[Entries shown]:
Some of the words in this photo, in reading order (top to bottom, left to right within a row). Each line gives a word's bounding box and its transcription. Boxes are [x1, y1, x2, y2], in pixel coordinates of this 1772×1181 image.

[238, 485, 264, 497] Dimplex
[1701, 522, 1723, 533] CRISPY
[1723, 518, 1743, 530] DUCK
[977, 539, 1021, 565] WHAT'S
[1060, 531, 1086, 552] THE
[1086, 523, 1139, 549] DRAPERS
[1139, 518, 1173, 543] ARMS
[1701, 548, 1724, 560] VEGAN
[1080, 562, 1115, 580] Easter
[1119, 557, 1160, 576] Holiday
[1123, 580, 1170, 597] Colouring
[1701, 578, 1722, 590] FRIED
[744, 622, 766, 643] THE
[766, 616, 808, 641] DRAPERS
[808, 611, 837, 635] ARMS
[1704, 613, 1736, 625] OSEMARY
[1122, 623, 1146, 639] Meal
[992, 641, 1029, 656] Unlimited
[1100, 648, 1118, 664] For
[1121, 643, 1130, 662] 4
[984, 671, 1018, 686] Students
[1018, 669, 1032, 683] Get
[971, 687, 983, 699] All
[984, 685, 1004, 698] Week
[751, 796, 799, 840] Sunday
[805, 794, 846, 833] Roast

[Problem]:
Could you transcribe every entry exactly, without altering anything?

[Exercise response]:
Some of the words in this photo, in reading order (top to bottom, left to right within a row). Each line gives a word's bounding box and its transcription. Boxes are [x1, y1, x2, y2], in pixel coordinates of this 1772×1181 image.

[238, 485, 264, 497] Dimplex
[1701, 522, 1723, 533] CRISPY
[1723, 518, 1743, 530] DUCK
[977, 539, 1021, 565] WHAT'S
[1060, 531, 1086, 552] THE
[1086, 523, 1139, 549] DRAPERS
[1139, 518, 1173, 543] ARMS
[1701, 548, 1724, 560] VEGAN
[1080, 562, 1115, 580] Easter
[1119, 557, 1160, 576] Holiday
[1123, 580, 1170, 597] Colouring
[1701, 578, 1722, 590] FRIED
[744, 622, 766, 643] THE
[766, 616, 808, 641] DRAPERS
[808, 611, 837, 635] ARMS
[1704, 613, 1736, 625] OSEMARY
[1122, 623, 1146, 639] Meal
[992, 641, 1029, 656] Unlimited
[1100, 648, 1118, 664] For
[1121, 643, 1130, 662] 4
[984, 671, 1018, 686] Students
[1018, 669, 1032, 683] Get
[971, 687, 983, 699] All
[984, 685, 1004, 698] Week
[751, 796, 799, 840] Sunday
[805, 794, 846, 833] Roast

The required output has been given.